Mi hermano me acerca la cara para que pueda distinguir mejor sus rasgos.

– ¡Ya me había parecido a mí que tu risa era sarcástica! ¿Qué? ¿Me crees incapaz de seducir a una chica y llevármela de viaje?

Aunque intento contenerme, la risa se apodera de mí y noto que mi hermano se impacienta. Charles se echa también a reír, e incluso Marc se une a nosotros.

– Pero ¿qué os pasa a todos? -pregunta Claude, exasperado.

– Apestas terriblemente, amigo mío, ¡tendrías que ver la pinta que llevas! En tu estado, dudo de que ni siquiera una cucaracha quisiera seguirte a ningún sitio.

Claude me olfatea y se une a esa absurda risa tonta que se resiste a abandonarnos.

10 de julio

A primera hora, el calor es ya insoportable, y el maldito tren sigue sin moverse. No hay ni una nube en el horizonte, ni esperanza de que las gotas de lluvia puedan apaciguar los sufrimientos de los prisioneros. Se dice que los españoles cantan cuando algo va mal. Una melodía se eleva en la bella lengua de Cataluña, y se cuela por las paredes del vagón vecino.
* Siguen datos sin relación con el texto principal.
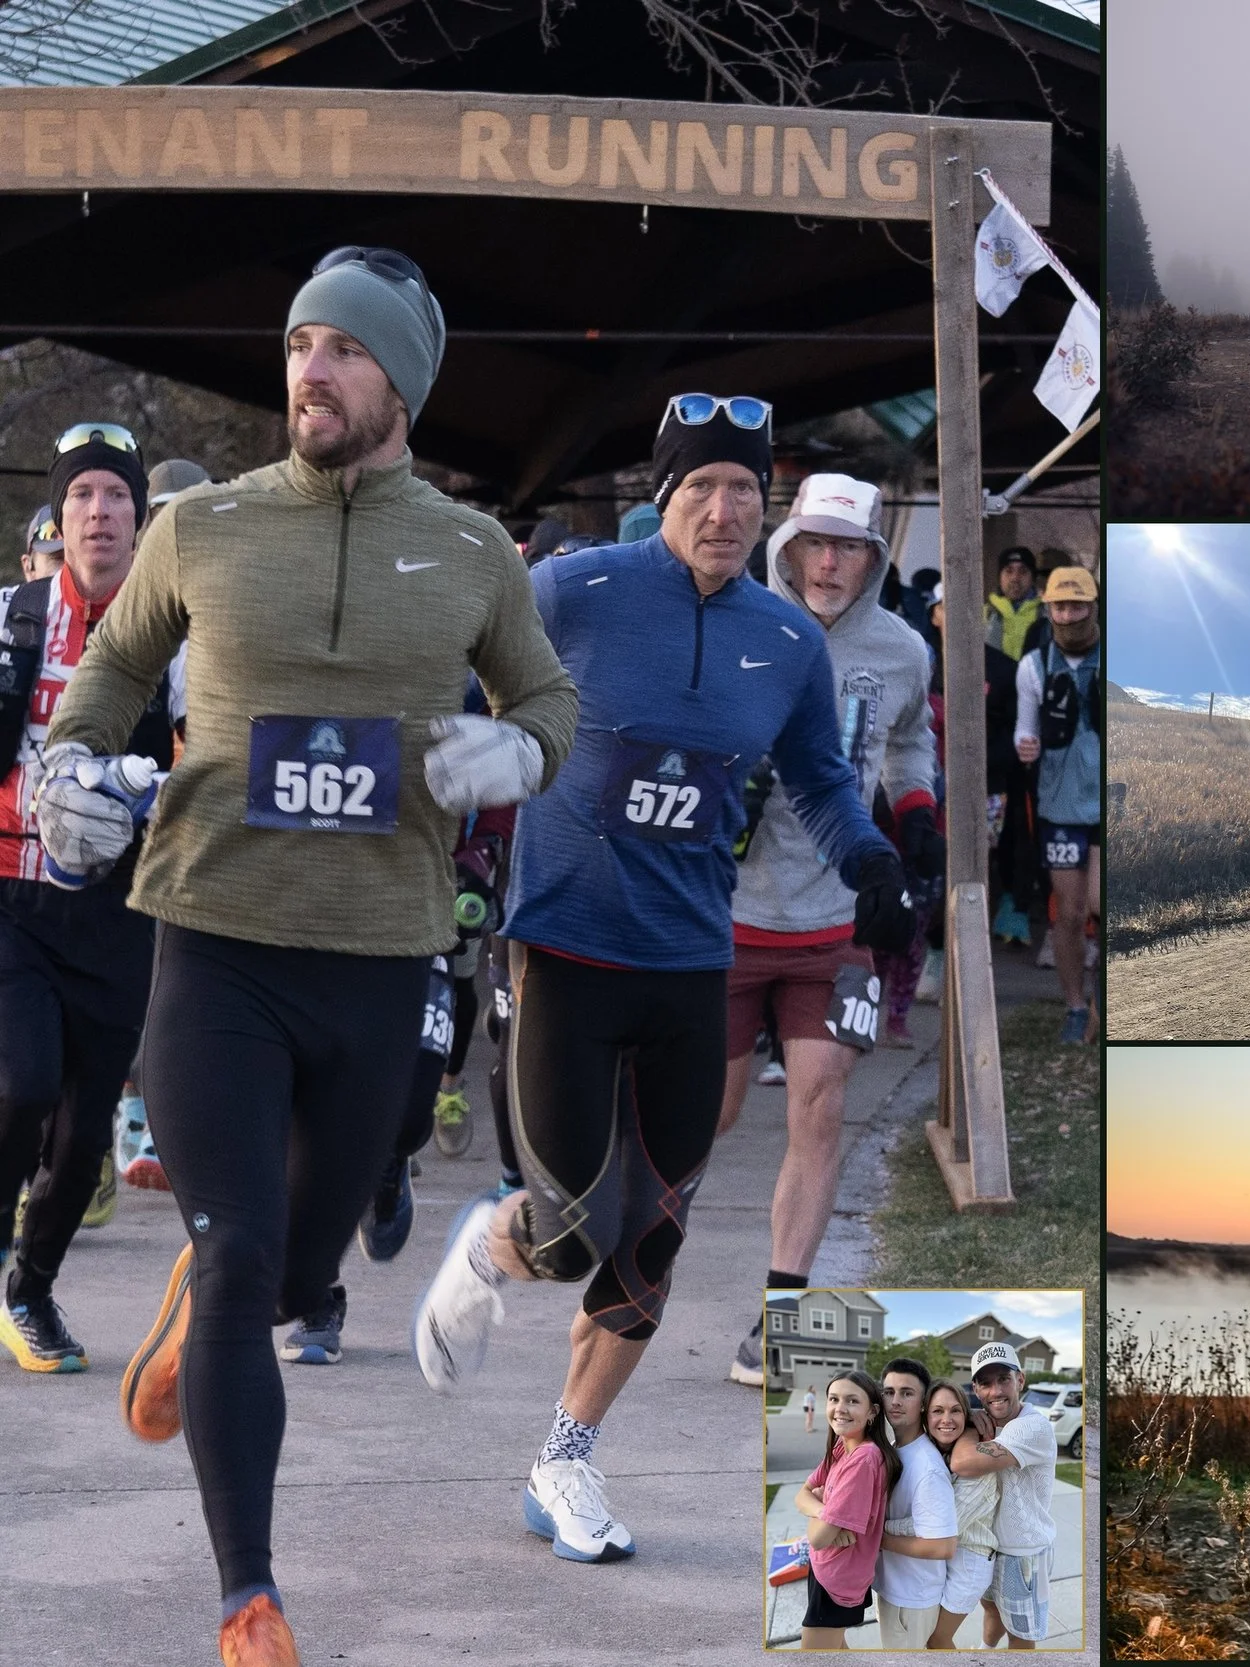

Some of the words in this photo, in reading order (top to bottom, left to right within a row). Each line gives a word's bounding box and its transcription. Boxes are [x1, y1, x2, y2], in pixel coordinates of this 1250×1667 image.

[459, 110, 918, 202] RUNNING
[274, 760, 377, 817] 562
[625, 779, 702, 830] 572
[310, 817, 342, 829] SCOTT
[1046, 842, 1080, 863] 523
– ¡Mirad! -dice Claude, que se ha aupado hasta la ventana.

– ¿Qué ves? -pregunta Jacques.

– Los soldados se mueven agitados por la vía. Llegan unas camionetas de la Cruz Roja, bajan unas enfermeras que traen agua y vienen hacia nosotros.

Avanzan hasta el andén, pero los Feldgendarmes les ordenan que dejen el cubo y se vayan. Los prisioneros vendrán a buscarlos cuando ellas se hayan ido. ¡No está permitido ningún contacto con los terroristas!

La enfermera jefe rechaza al soldado con un gesto de la mano.

– ¿Qué terroristas? -pregunta ella furiosa-. ¿Los viejos? ¿Las mujeres? ¿Los hombres hambrientos de esos vagones propios de bestias?

Ella lo injuria y le dice que está harta de tantas órdenes. Dentro de poco, tendrán que rendir cuentas. Sus enfermeras van a ir a llevar provisiones a los vagones, ¡las cosas van a ser así, y de ninguna otra manera! Y añade que no la va a impresionar por mucho uniforme que lleve.